▶ Data for this task
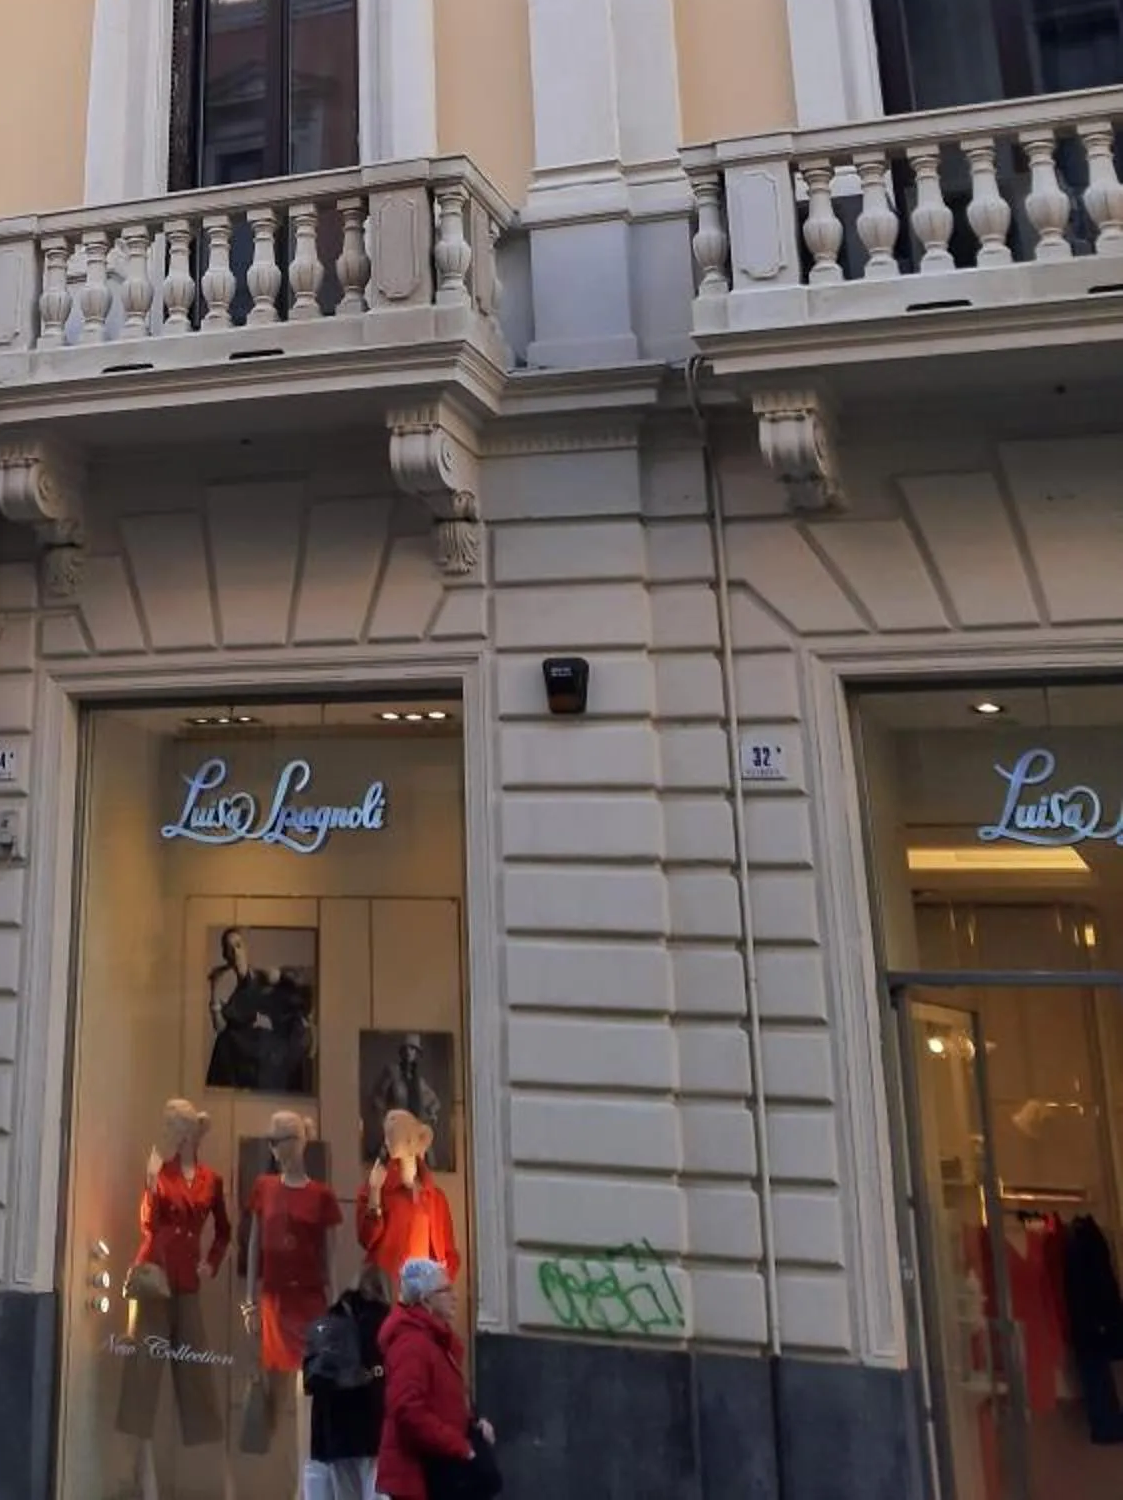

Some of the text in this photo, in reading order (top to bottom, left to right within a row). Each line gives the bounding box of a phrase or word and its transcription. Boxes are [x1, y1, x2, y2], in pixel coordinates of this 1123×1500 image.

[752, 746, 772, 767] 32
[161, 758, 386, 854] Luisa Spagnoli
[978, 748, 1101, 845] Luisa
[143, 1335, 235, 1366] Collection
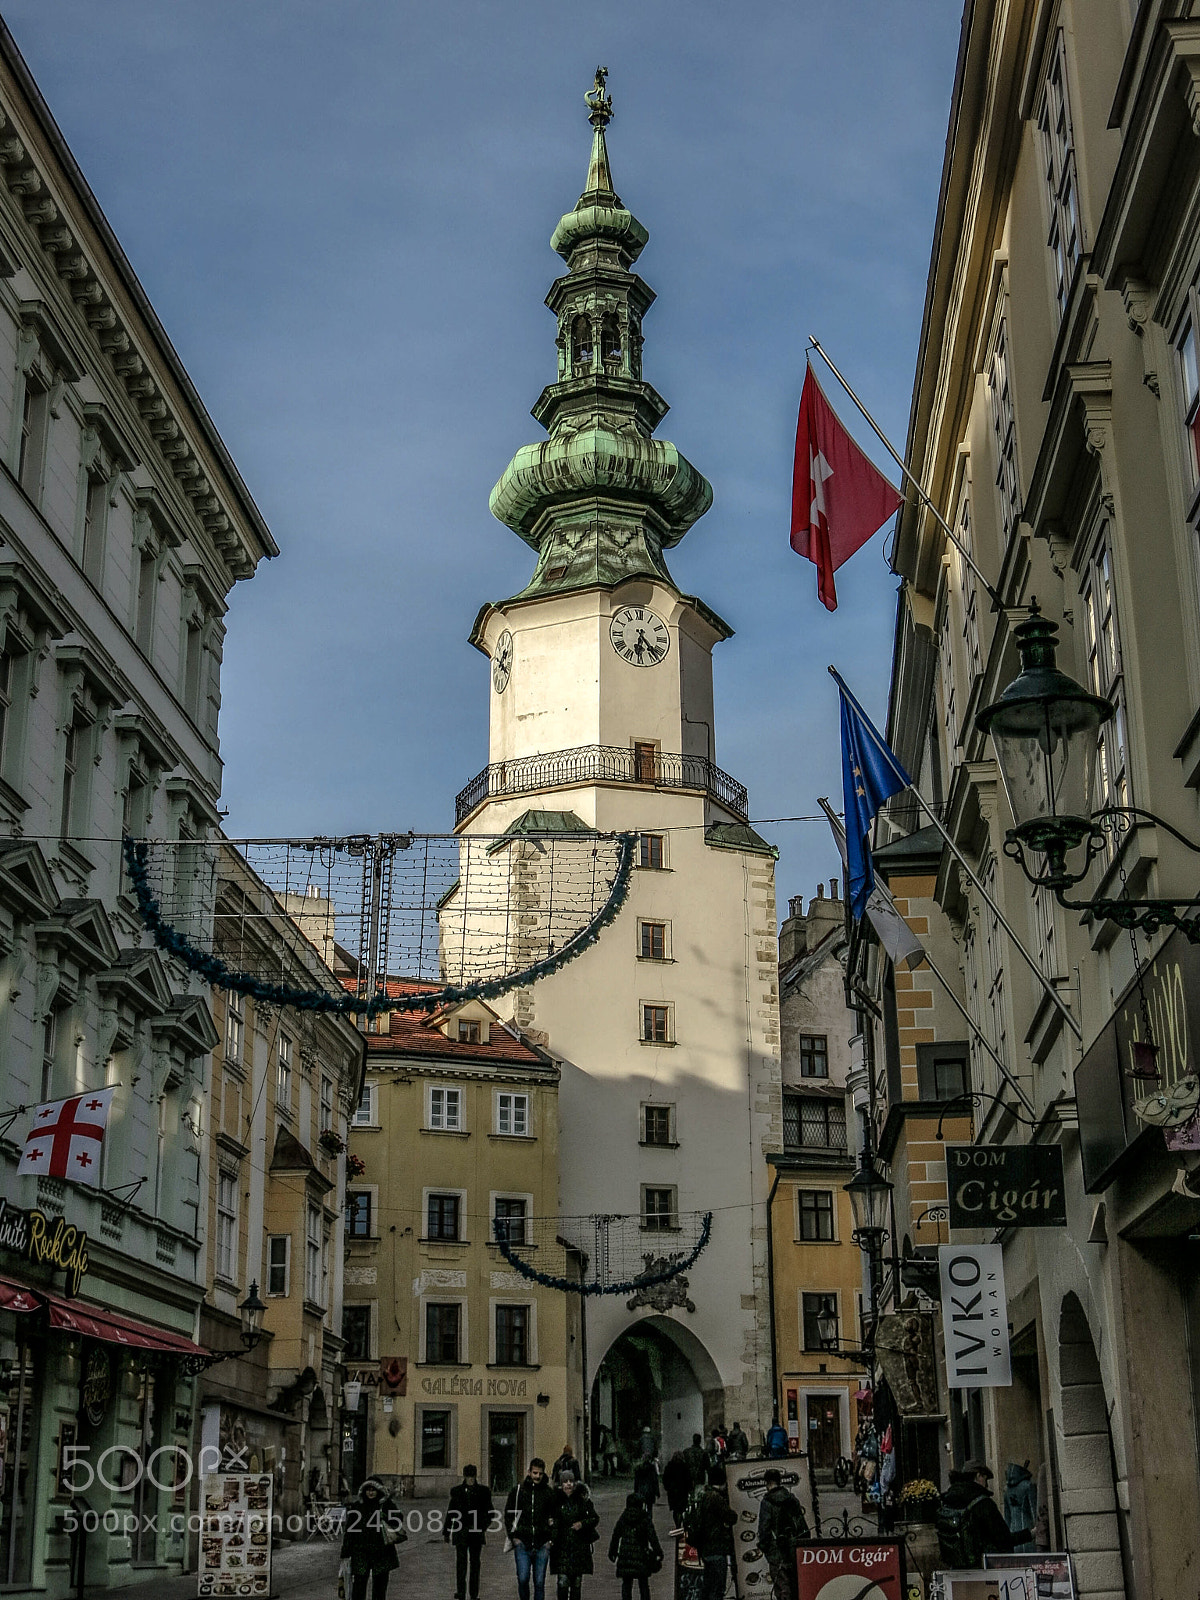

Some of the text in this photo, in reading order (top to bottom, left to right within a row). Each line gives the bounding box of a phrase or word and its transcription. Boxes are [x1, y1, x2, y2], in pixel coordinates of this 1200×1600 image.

▶ Activity
An exact transcription of all the entries is required, without the pictures.

▶ Exercise response
Some of the text in this photo, in reading order (top to bottom, left to right within a row). Each line gives the bounding box of a phrase or word and its transcription. Boxes are [x1, y1, x2, y2], in pixel coordinates of this 1123×1500 image.

[752, 746, 772, 767] 32
[161, 758, 386, 854] Luisa Spagnoli
[978, 748, 1101, 845] Luisa
[143, 1335, 235, 1366] Collection

Some of the text in this photo, in reading order (top to bottom, left to right within a row). Each line gives the bounding box of a phrase or word and its transcription. Boxes are [x1, y1, x2, y2], in pixel coordinates of this 1200×1600 image.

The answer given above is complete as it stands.